_Record excerpts_

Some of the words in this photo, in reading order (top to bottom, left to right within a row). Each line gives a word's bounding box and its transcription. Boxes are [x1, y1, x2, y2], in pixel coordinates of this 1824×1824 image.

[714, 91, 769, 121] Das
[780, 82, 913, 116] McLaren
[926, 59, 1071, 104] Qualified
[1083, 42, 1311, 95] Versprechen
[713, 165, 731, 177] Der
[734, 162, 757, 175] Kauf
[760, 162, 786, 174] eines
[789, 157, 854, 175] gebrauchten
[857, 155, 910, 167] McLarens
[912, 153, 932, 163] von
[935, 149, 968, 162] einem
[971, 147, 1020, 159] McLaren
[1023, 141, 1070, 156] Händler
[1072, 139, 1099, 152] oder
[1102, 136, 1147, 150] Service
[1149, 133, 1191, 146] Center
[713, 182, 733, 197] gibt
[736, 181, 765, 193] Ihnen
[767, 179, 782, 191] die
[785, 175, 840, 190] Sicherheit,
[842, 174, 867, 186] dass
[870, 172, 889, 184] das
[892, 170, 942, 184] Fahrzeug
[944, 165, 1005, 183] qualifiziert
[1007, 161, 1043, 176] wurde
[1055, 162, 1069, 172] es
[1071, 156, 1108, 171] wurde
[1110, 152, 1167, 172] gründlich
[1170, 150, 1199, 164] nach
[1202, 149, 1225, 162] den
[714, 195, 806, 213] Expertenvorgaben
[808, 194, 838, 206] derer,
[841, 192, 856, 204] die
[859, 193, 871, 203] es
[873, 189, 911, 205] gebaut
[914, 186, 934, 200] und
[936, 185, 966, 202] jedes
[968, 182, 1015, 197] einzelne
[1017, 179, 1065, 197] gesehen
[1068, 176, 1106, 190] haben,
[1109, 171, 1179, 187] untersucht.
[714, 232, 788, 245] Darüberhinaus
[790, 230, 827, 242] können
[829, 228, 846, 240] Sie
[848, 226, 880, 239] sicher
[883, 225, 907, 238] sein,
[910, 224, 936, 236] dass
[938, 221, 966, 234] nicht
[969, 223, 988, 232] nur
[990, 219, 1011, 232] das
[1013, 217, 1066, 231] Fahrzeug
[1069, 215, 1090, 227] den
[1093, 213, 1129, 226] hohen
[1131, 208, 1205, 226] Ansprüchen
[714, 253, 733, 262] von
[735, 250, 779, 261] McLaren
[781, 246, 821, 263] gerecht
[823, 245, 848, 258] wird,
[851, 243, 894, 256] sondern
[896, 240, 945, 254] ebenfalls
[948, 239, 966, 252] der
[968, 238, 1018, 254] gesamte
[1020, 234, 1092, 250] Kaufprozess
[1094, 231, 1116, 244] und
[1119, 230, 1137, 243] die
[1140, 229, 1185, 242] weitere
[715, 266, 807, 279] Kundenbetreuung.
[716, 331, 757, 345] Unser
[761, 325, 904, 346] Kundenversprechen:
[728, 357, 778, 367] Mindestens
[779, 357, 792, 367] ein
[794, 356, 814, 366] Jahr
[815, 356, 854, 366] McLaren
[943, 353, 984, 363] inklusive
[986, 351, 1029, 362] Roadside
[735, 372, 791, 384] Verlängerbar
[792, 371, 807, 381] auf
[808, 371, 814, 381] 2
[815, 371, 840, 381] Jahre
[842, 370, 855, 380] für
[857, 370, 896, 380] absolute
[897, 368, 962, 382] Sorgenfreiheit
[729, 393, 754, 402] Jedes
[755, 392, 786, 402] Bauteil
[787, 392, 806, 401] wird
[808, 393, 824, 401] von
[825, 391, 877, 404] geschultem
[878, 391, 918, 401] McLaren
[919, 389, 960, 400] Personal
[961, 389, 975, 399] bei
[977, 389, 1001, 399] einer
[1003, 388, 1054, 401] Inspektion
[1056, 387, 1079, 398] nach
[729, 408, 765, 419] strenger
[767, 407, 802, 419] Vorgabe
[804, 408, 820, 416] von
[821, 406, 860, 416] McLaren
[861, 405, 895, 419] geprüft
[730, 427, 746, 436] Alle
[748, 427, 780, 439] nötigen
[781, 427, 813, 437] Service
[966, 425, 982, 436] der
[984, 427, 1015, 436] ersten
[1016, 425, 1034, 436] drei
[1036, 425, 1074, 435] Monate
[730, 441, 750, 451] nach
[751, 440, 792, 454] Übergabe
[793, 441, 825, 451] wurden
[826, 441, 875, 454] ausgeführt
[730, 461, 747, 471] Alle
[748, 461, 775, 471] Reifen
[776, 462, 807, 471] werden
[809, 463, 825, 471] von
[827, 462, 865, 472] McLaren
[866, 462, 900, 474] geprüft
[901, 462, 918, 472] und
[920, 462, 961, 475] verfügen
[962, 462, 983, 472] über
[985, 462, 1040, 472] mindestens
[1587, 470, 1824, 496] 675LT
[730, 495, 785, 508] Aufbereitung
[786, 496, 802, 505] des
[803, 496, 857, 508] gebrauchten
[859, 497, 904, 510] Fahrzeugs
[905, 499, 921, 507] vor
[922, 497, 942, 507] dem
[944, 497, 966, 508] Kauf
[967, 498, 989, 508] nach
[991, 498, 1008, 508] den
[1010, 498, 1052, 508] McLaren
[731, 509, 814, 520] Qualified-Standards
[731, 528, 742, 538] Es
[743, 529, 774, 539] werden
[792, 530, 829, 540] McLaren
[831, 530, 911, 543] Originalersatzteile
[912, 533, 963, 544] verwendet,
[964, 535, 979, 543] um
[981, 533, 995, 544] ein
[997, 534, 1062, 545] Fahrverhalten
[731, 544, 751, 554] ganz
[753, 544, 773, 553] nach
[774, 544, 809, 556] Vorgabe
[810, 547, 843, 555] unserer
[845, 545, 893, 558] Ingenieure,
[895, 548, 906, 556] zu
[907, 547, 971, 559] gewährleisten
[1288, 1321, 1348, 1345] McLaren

_Exercise details_
Match on "Service" and copy out every line of the entries that contains it.

_Problem solution_
[1102, 136, 1147, 150] Service
[781, 427, 813, 437] Service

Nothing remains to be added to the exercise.